Glycobiology World Congress

Biography

Biography: Chitra Mandal

Abstract

SIalic acids (Sias) are typically present as terminal sugars in oligosaccharide moieties attached to glycoproteins. Pseudomonas aeruginosa (PA), a gram-negative bacterium infects immuno-suppressed patients. We have established the presence of linkage-specific Sias on PA. Sialic acid-binding immunoglobulin-type lectins (Siglecs) are present on all immune cells. Sialylated PA (PA+Sias) binds to neutrophils through Sias-siglecs interactions.

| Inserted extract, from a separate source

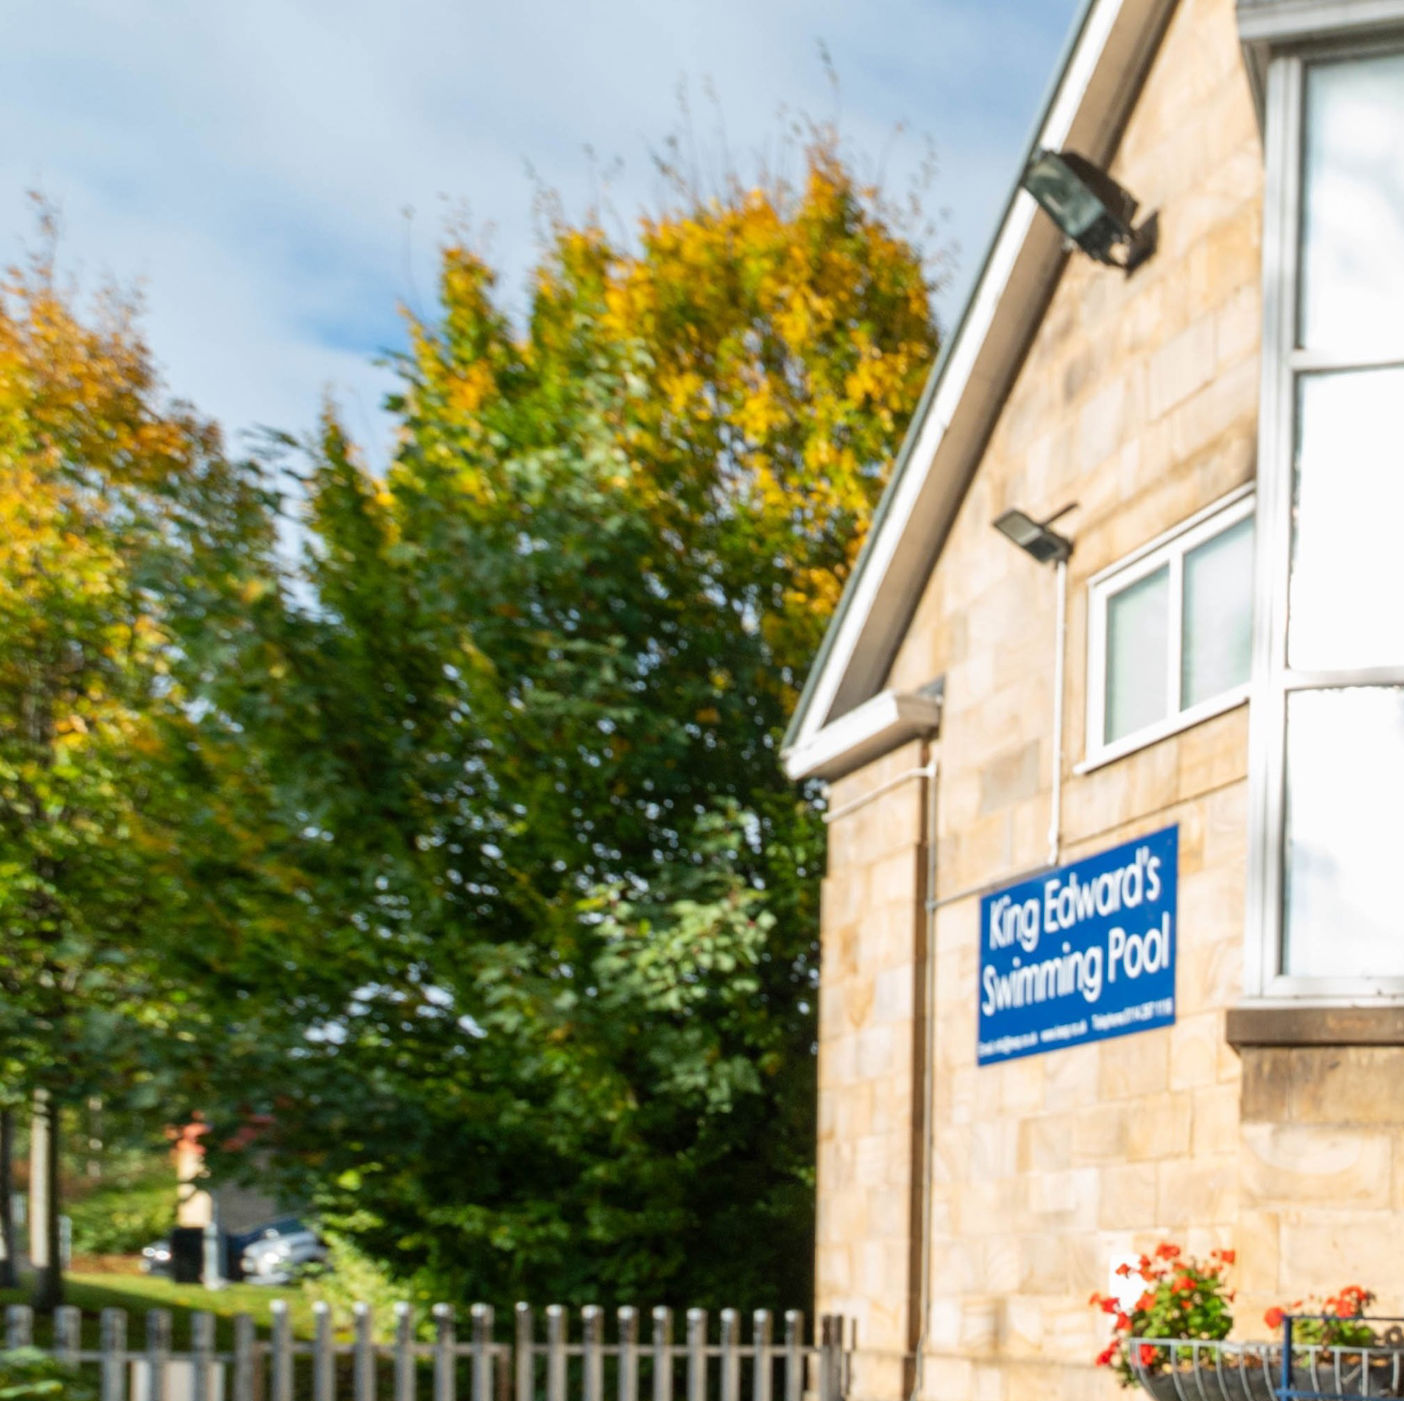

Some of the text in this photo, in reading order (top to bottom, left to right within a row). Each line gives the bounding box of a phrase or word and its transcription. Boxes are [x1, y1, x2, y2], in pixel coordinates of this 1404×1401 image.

[989, 845, 1161, 953] King Edward's
[981, 941, 1103, 1017] Swimming
[1107, 910, 1170, 984] Pool

We have observed reduced oxidative burst, release of elastase and decrease NETs formation thus indicating subversion of host innate immunity. Next, we have affinity purified and sequenced twenty six sialoglycoproteins from PA+Sias. One such identified sialoglycoprotein is outer membrane porin protein D (OprD), a beta-barrel shaped channel-forming protein. To establish the role of Sias on OprD proteins, they are purified from sialylated (PA+Sias) and non-sialylated (PA-Sias) and their sialylation status are established. Profiling of glycan structures reveals the presence of sialylated N- and O-glycans in OprD+Sias. Bioinformatics studies reveal that amongst four N-glycosylation sites of OprD, Asn311 is present in the extracellular loop region having high solvent accessibility for its proper glycosylation. Core glycan moieties can properly fit into Asn311 site with no spatial overlaps with suitable glycosidic conformations. Molecular modeling studies suggest the presence of glycan structure with terminal bulky sialic acid hinders the channel passage of OprD towards β-lactam antibiotic permeabilization. This might be one of the new mechanisms for β-lactam antibiotic resistance of PA and thereby facilitating their survival in host. Our findings might help to open new avenue to design latestdrug which can enter cells freely even in presence of sialic acids.